YOUR GOAL: For the entries that appear below, write out the exact text and omit the pictures.

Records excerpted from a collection
◇ ◇ ◇ ◇

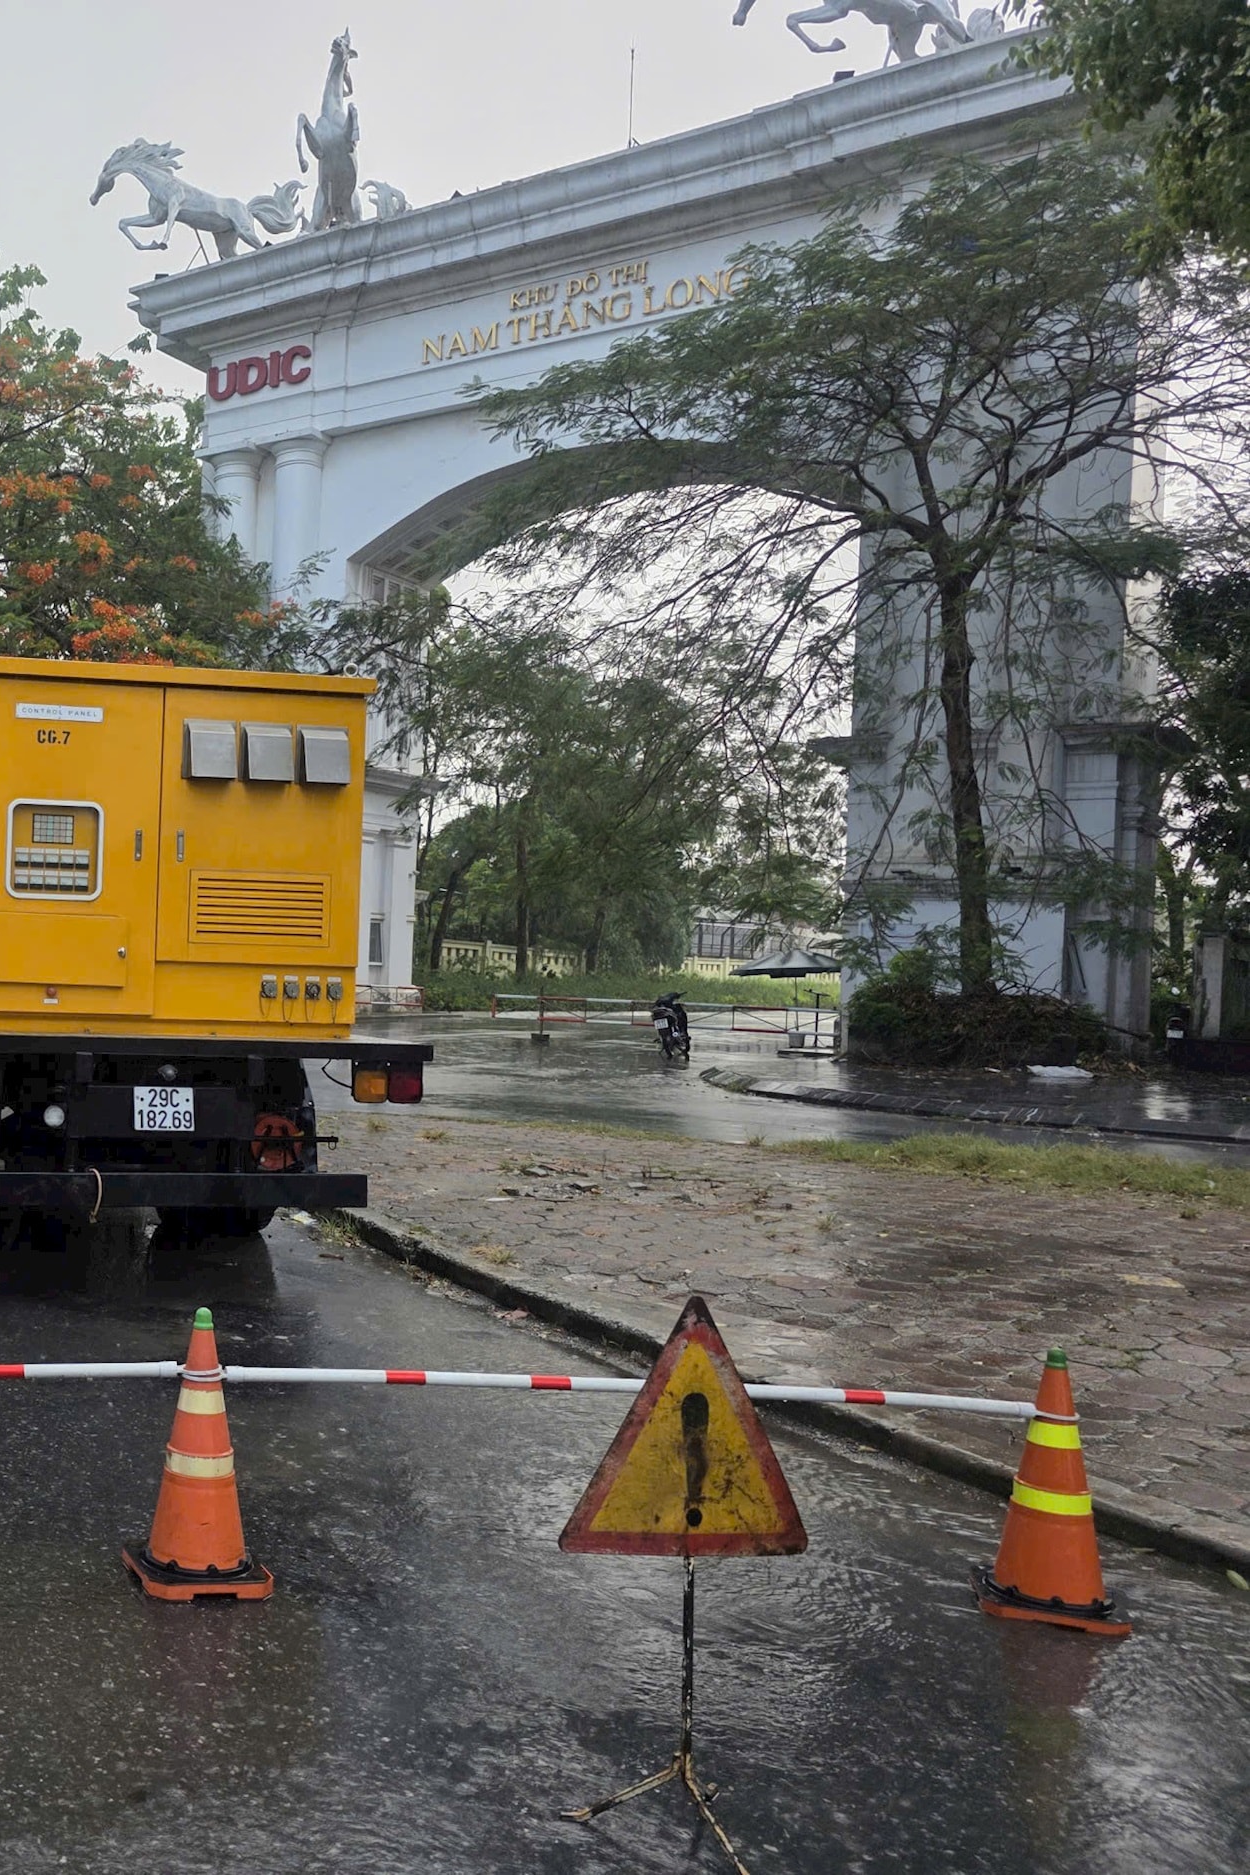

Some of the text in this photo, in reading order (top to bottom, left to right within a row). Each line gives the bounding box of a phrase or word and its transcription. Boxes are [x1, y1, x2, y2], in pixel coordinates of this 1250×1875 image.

[509, 260, 649, 312] KHU ĐÔ THỊ
[421, 264, 751, 365] NAM THĂNG LONG
[208, 345, 312, 402] UDIC
[22, 707, 63, 715] CONTROL
[37, 729, 71, 745] CG.7
[148, 1088, 181, 1108] 29C
[138, 1109, 193, 1130] 182.69

◇ ◇ ◇ ◇

TASK SOLUTION:
Some of the text in this photo, in reading order (top to bottom, left to right within a row). Each line gives the bounding box of a phrase or word and its transcription. Boxes are [x1, y1, x2, y2], in pixel coordinates of this 1250×1875 image.

[509, 260, 649, 312] KHU ĐÔ THỊ
[421, 264, 751, 365] NAM THĂNG LONG
[208, 345, 312, 402] UDIC
[22, 707, 63, 715] CONTROL
[37, 729, 71, 745] CG.7
[148, 1088, 181, 1108] 29C
[138, 1109, 193, 1130] 182.69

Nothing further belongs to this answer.